I guess in the end, Robin did open my mind up to the fact that I can be with a YM or an OM. I'm not glued to just OM.
southerngal 01-26-2003, 06:17 PM Well, I've always been more attracted to younger guys, so I dont seem to come from the same mold as the rest of the women lol. Even as a senior in high school, several of my guy friends were in 9th and 10th grade. (Hey in high school, you cant have much of an age gap lol) My ex was in the grade behind me, which is no gap at all, but he was younger. And I've just always been much more attracted to the younger ones in general. No specific reasons, just my own personal preference, like some people prefer tall leggy brunettes :p I find men my age and older to be just that - old!!! They just dont seem to possess the romantic qualities and sweetness and understanding and passion that ym do. OK, thats my opinion - I only like the young guys!!!
Southerngal
pawpeter 01-26-2003, 08:05 PM In 1990 I married a lady that was 39 and I was 24. We moved to South Florida and 8 years later we got a divorce (I stopped drinking and she continued. - She lost her "drinking buddy")

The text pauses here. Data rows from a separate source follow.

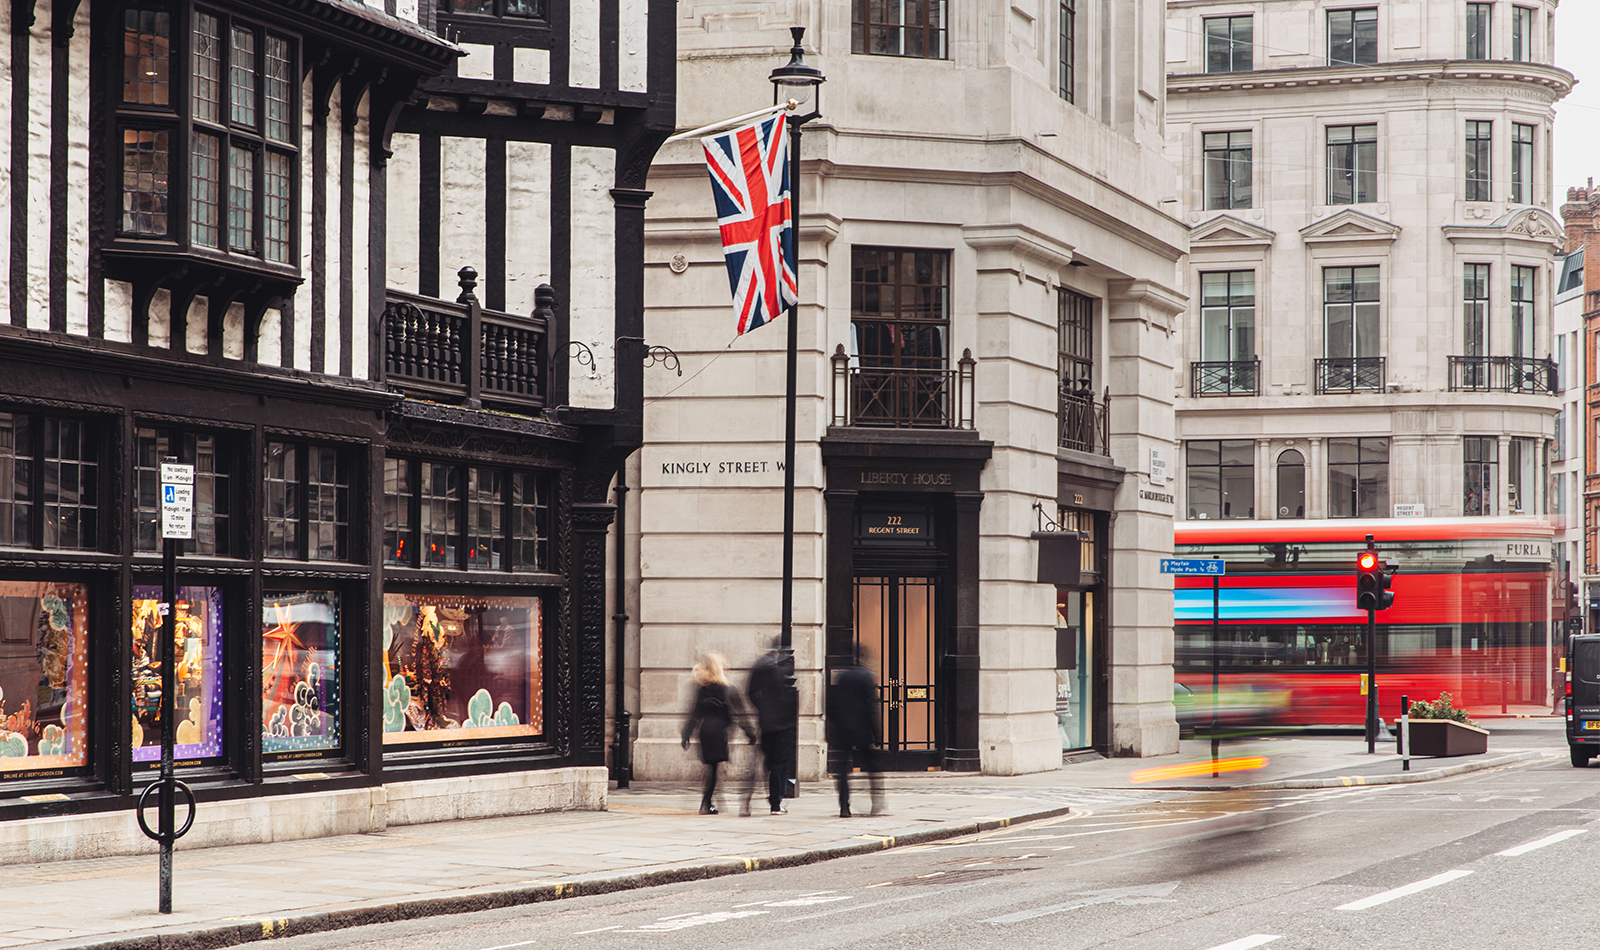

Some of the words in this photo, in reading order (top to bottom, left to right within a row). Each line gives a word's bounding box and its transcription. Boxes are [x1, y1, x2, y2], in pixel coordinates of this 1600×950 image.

[662, 462, 710, 474] KINGLY
[718, 462, 770, 473] STREET.
[860, 472, 908, 484] LIBERTY
[912, 474, 952, 484] HOUSE
[888, 516, 902, 525] 222
[1506, 544, 1542, 556] FURLA
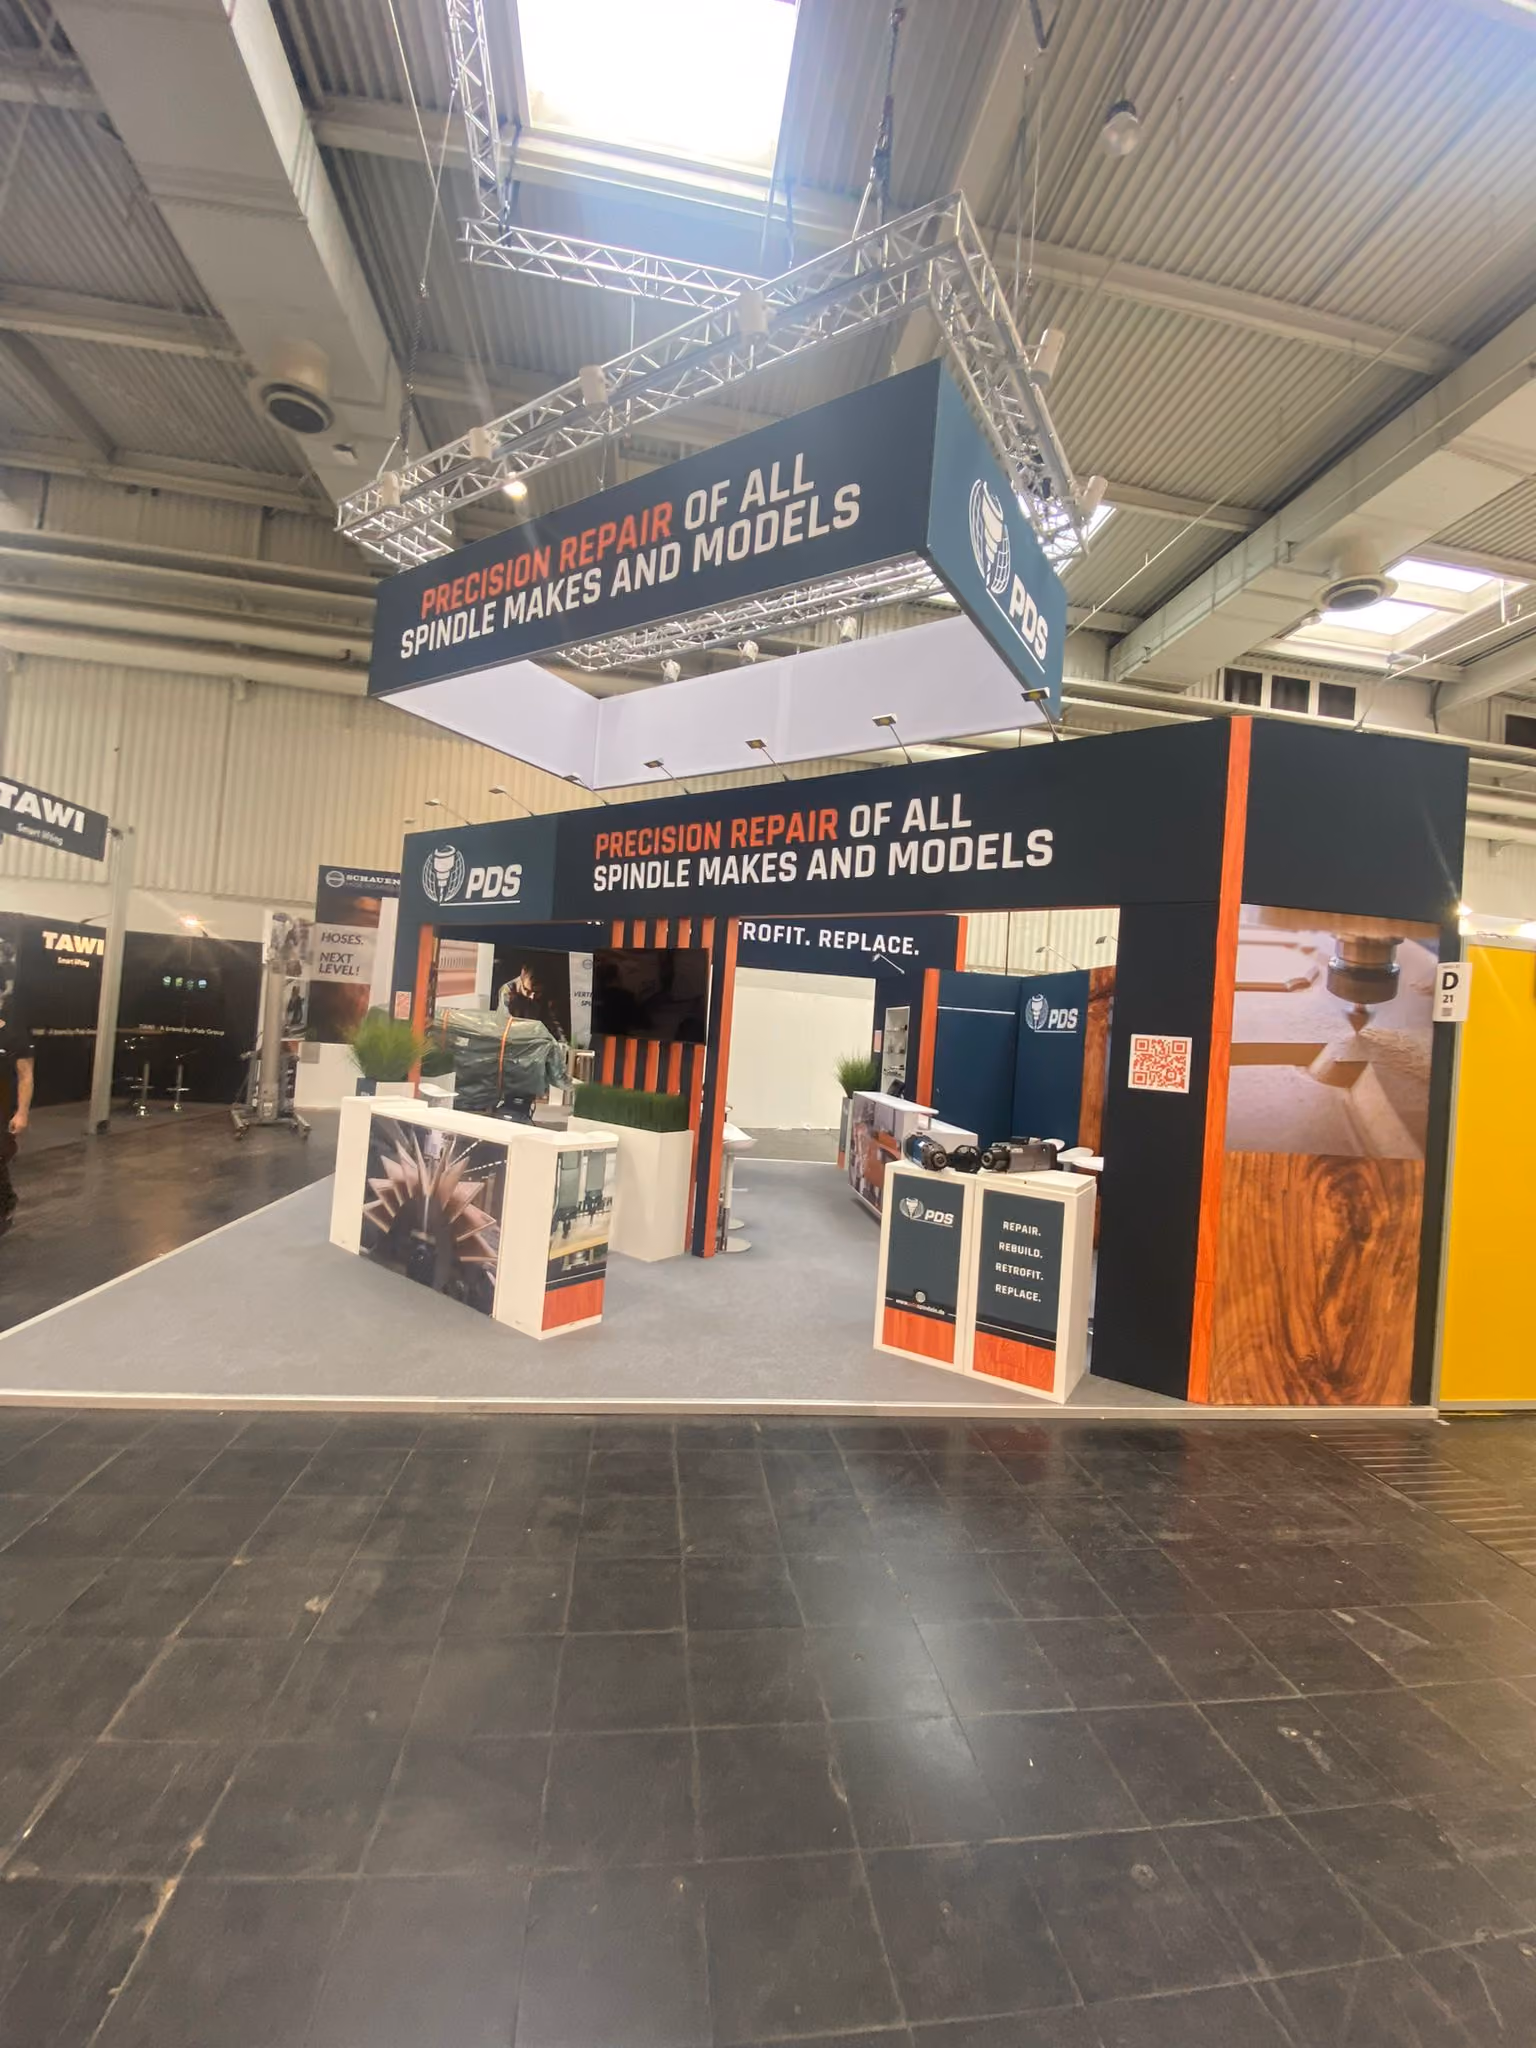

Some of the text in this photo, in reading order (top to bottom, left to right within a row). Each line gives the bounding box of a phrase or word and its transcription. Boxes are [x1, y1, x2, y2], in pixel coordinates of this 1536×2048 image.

[420, 452, 815, 620] PRECISION REPAIR OF ALL
[400, 482, 861, 660] SPINDLE MAKES AND MODELS
[1009, 573, 1048, 660] PDS
[0, 781, 86, 834] TAWI
[595, 793, 972, 860] PRECISION REPAIR OF ALL
[593, 828, 1054, 892] SPINDLE MAKES AND MODELS
[465, 864, 523, 899] PDS
[42, 931, 104, 956] TAWI
[321, 932, 364, 946] HOSES.
[738, 920, 919, 956] ROFIT. REPLACE.
[320, 952, 354, 964] NEXT
[319, 963, 360, 976] LEVEL!
[1442, 971, 1459, 990] D
[1442, 994, 1453, 1003] 21
[1048, 1008, 1079, 1029] PDS
[924, 1209, 955, 1225] PDS
[1003, 1220, 1042, 1237] REPAIR.
[999, 1241, 1043, 1259] REBUILD.
[995, 1262, 1044, 1281] RETROFIT.
[995, 1283, 1042, 1302] REPLACE.
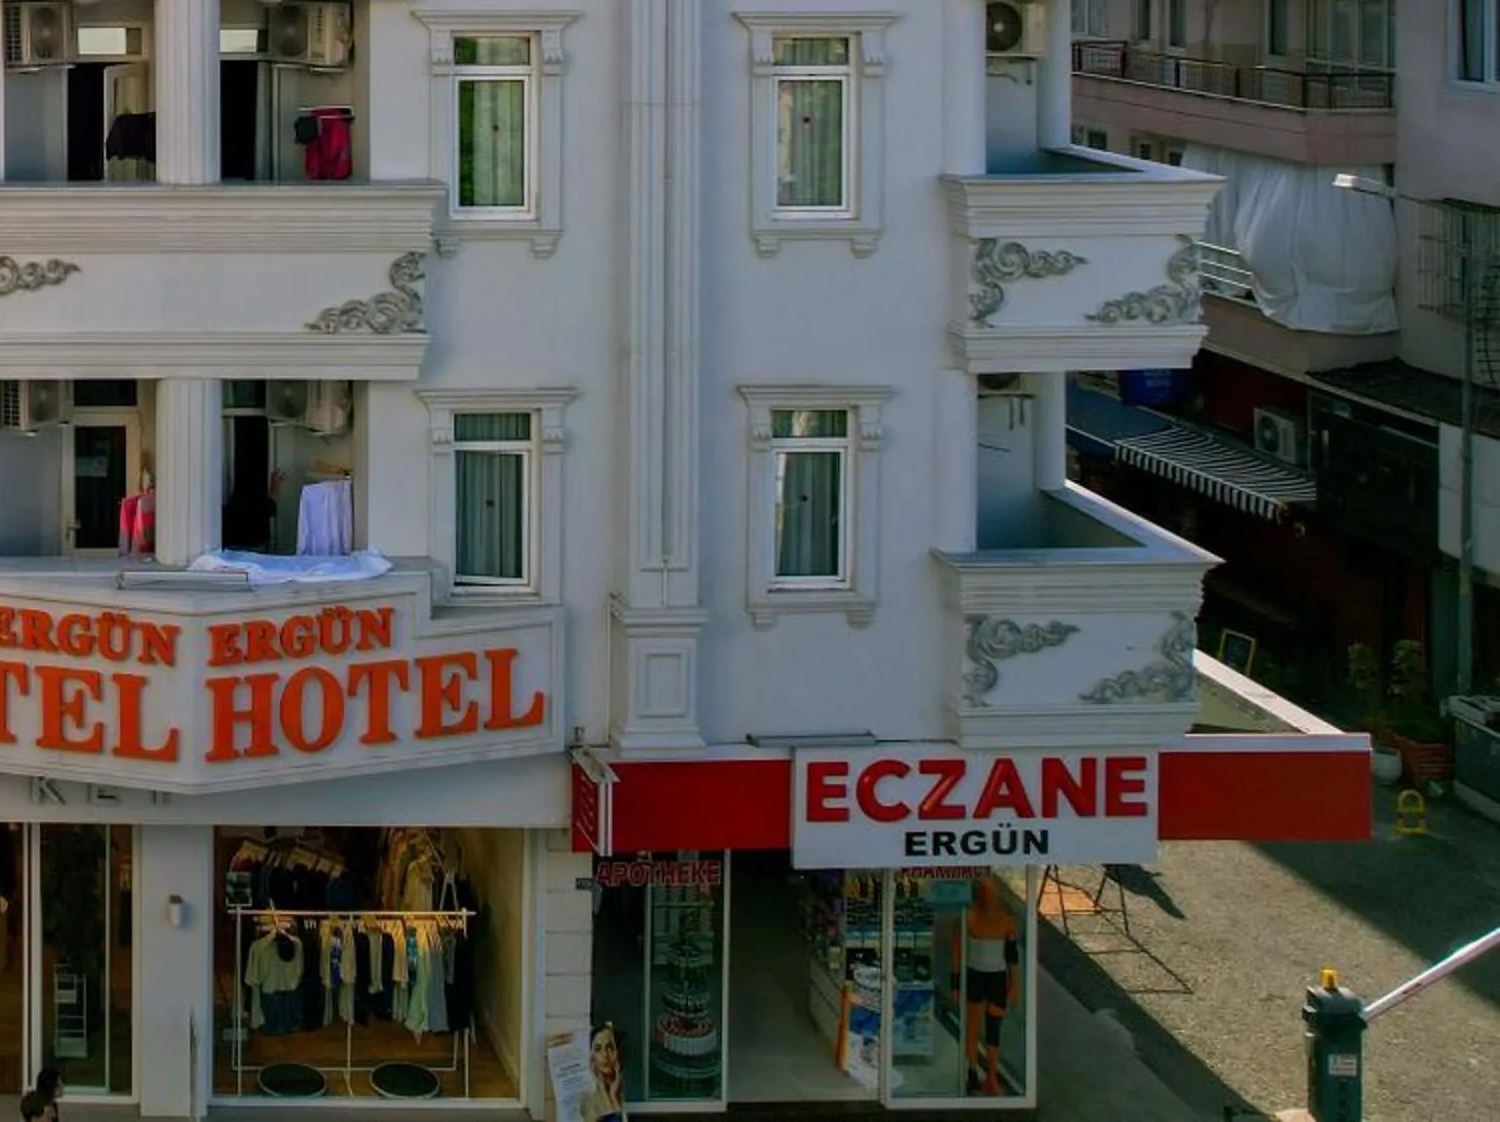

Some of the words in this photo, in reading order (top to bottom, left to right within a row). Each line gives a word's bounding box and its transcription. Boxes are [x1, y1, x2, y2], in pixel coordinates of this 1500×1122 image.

[206, 605, 395, 668] ERGÜN
[205, 647, 545, 763] HOTEL
[806, 757, 1148, 823] ECZANE
[904, 823, 1050, 857] ERGÜN
[596, 861, 721, 888] APOTHEKE
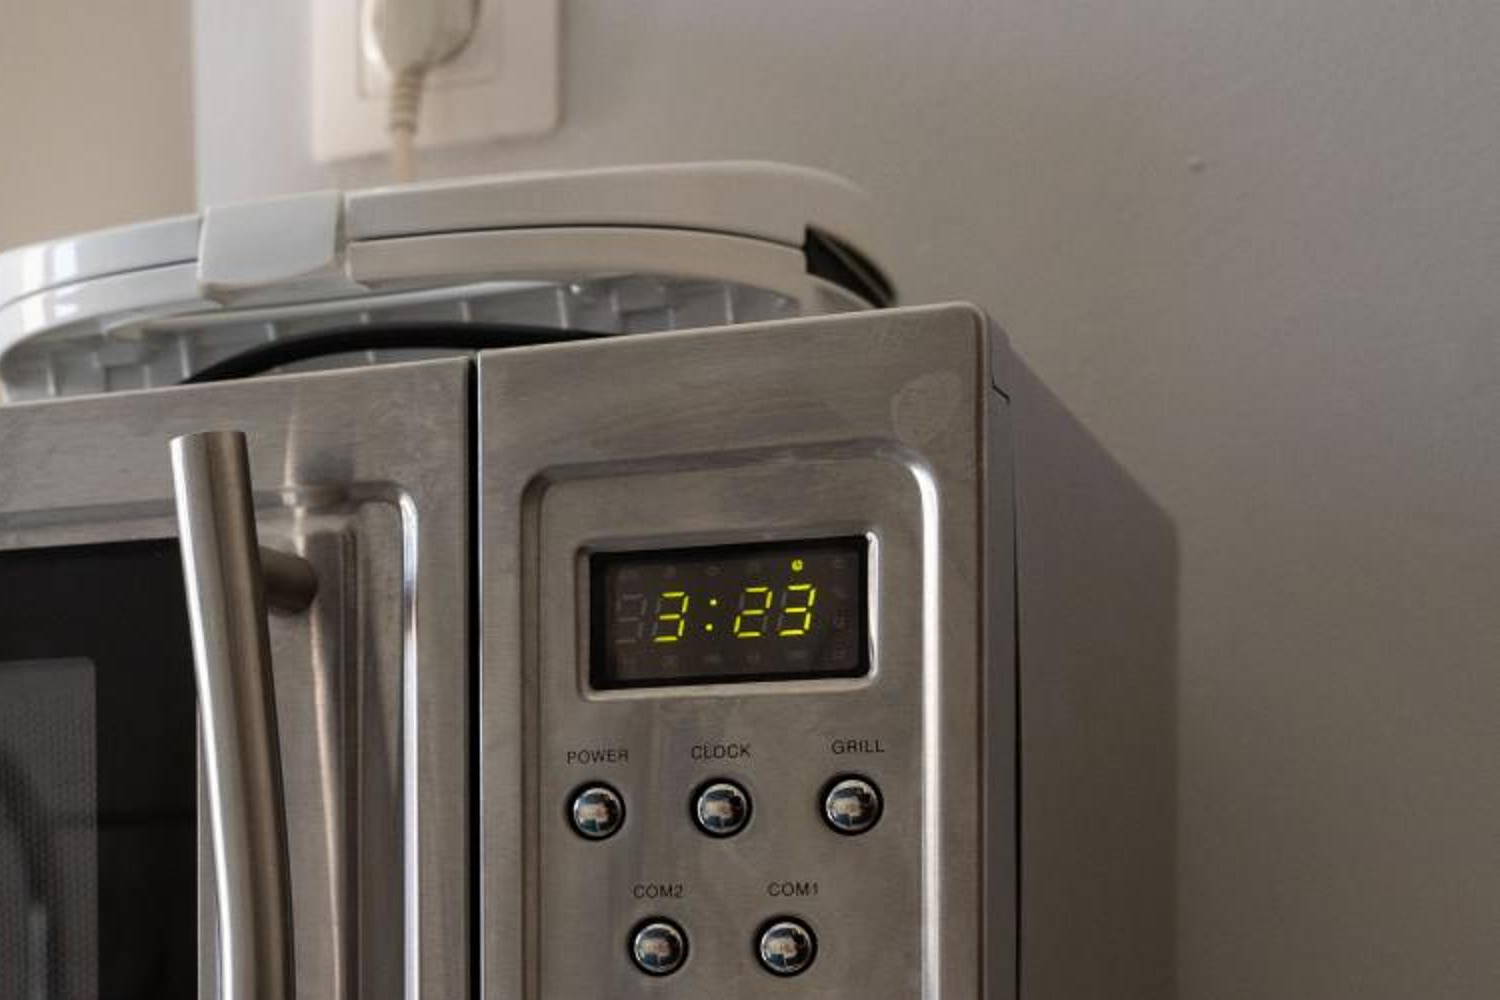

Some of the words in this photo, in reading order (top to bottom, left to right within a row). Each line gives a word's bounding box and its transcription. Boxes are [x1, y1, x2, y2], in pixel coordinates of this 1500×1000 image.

None the less, a few years later, I fell for a lady 9 years older than me. Right now I am 37 and she is 46. She is the youngest lady I have dated since I was 22. Everyone else had been atleast 15 years older than me.
As much as have tried, I am not attracted to women my age and younger. When I try talking to a younger woman, it just does not seem natural. There is a peace and comfort when I converse with an OW.
My eye's and heart always get that extra thump when I see an OW. Never happens with YW.
Anyway, enough of my babble.
yellowrose 01-26-2003, 10:23 PM For me, with OM a lot of them are more concerned with looks and how it makes them look, than they are digging into a conversation and trying to find out what you are about (& vice versa). The energy between myself and a younger guy just feels more real, you know?
With the younger guys, they love good looking women, but are not as concerned with you gaining a pound or two. My exhusband & I got back together a few years ago. I was embarassed about my "tummy". He would lovingly put his head there and say so sweetly "I love that tummy, that is where our daughter came from". You know what an older guy said? "Is there nothing that can be done about stretch marks?"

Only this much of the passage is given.